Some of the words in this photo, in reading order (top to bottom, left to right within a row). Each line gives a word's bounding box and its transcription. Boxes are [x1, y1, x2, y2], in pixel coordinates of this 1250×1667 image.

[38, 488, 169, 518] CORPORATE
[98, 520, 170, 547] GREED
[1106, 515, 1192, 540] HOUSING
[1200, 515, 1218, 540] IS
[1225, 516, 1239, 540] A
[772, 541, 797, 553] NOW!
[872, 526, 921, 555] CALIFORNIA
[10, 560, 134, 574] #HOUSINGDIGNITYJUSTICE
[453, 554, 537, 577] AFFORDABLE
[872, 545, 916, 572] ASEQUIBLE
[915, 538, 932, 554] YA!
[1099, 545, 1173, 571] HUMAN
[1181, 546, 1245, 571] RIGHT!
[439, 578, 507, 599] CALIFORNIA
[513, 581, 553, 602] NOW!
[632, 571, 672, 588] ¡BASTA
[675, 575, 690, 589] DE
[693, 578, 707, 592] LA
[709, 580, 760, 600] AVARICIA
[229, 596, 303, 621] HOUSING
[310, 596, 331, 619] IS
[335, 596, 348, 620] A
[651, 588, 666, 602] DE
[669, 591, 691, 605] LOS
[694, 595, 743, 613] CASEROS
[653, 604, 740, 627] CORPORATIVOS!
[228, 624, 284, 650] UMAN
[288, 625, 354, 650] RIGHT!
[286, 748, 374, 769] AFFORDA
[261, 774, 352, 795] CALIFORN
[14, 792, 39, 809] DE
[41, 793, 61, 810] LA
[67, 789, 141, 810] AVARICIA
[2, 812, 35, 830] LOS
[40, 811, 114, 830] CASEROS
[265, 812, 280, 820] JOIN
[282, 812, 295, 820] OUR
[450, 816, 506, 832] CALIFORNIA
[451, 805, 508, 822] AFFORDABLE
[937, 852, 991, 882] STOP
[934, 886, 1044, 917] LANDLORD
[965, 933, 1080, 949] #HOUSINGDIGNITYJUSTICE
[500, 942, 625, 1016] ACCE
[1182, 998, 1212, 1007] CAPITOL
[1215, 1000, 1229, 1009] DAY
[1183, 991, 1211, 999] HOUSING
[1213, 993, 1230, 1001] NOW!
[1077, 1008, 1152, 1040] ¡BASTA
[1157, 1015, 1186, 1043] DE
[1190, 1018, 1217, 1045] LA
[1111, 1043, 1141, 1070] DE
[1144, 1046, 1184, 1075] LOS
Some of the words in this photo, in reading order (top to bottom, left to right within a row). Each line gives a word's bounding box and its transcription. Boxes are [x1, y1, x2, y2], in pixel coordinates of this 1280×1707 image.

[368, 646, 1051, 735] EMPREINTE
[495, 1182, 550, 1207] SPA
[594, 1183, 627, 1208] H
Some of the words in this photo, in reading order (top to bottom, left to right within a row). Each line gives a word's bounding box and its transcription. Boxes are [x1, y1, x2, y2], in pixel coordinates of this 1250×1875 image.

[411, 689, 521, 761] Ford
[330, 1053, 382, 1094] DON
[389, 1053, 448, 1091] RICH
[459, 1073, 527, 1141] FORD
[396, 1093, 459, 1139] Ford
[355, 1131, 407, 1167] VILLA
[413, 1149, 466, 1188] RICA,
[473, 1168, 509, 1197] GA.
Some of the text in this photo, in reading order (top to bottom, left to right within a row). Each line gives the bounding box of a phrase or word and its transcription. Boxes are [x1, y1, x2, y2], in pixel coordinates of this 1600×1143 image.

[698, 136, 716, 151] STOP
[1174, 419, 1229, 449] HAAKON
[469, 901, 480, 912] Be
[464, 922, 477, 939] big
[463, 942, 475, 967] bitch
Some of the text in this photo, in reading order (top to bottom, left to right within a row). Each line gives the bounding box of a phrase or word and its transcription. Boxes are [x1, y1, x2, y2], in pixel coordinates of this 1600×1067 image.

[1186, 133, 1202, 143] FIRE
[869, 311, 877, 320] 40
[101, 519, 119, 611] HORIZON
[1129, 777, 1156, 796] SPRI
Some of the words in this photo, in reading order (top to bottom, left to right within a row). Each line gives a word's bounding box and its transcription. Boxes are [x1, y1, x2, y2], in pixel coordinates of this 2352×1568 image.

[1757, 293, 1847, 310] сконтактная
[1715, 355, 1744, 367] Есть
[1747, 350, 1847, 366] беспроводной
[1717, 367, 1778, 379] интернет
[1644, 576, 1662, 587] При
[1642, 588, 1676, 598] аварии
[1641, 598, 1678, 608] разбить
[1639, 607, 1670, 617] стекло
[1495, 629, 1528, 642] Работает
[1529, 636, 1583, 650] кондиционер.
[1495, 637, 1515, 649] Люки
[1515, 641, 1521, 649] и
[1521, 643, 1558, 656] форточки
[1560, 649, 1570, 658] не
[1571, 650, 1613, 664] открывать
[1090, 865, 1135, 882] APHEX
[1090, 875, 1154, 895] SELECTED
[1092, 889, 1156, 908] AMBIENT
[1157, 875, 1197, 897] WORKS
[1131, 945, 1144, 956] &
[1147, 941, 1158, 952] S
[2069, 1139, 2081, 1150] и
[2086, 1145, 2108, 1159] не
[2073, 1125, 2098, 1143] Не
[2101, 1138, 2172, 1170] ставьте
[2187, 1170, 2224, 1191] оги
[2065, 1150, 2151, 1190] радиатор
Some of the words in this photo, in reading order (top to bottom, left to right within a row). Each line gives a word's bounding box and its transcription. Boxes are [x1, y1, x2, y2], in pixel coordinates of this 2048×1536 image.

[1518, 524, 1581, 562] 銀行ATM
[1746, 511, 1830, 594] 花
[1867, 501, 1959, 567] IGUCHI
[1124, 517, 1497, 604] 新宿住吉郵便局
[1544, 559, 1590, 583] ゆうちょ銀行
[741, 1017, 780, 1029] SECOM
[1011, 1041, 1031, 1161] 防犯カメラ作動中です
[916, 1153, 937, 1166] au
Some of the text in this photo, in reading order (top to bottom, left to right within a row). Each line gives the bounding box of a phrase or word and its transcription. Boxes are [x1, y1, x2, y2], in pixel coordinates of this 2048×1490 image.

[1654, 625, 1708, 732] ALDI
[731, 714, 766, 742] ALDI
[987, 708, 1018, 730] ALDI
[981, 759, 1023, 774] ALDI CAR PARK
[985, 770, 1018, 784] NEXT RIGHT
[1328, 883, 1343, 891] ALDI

| Exercise objective |
Only the last part of the entries above is needed: please copy the line with "this 2048×1490 image." and each line after it exactly.

| Result below |
Some of the text in this photo, in reading order (top to bottom, left to right within a row). Each line gives the bounding box of a phrase or word and its transcription. Boxes are [x1, y1, x2, y2], in pixel coordinates of this 2048×1490 image.

[1654, 625, 1708, 732] ALDI
[731, 714, 766, 742] ALDI
[987, 708, 1018, 730] ALDI
[981, 759, 1023, 774] ALDI CAR PARK
[985, 770, 1018, 784] NEXT RIGHT
[1328, 883, 1343, 891] ALDI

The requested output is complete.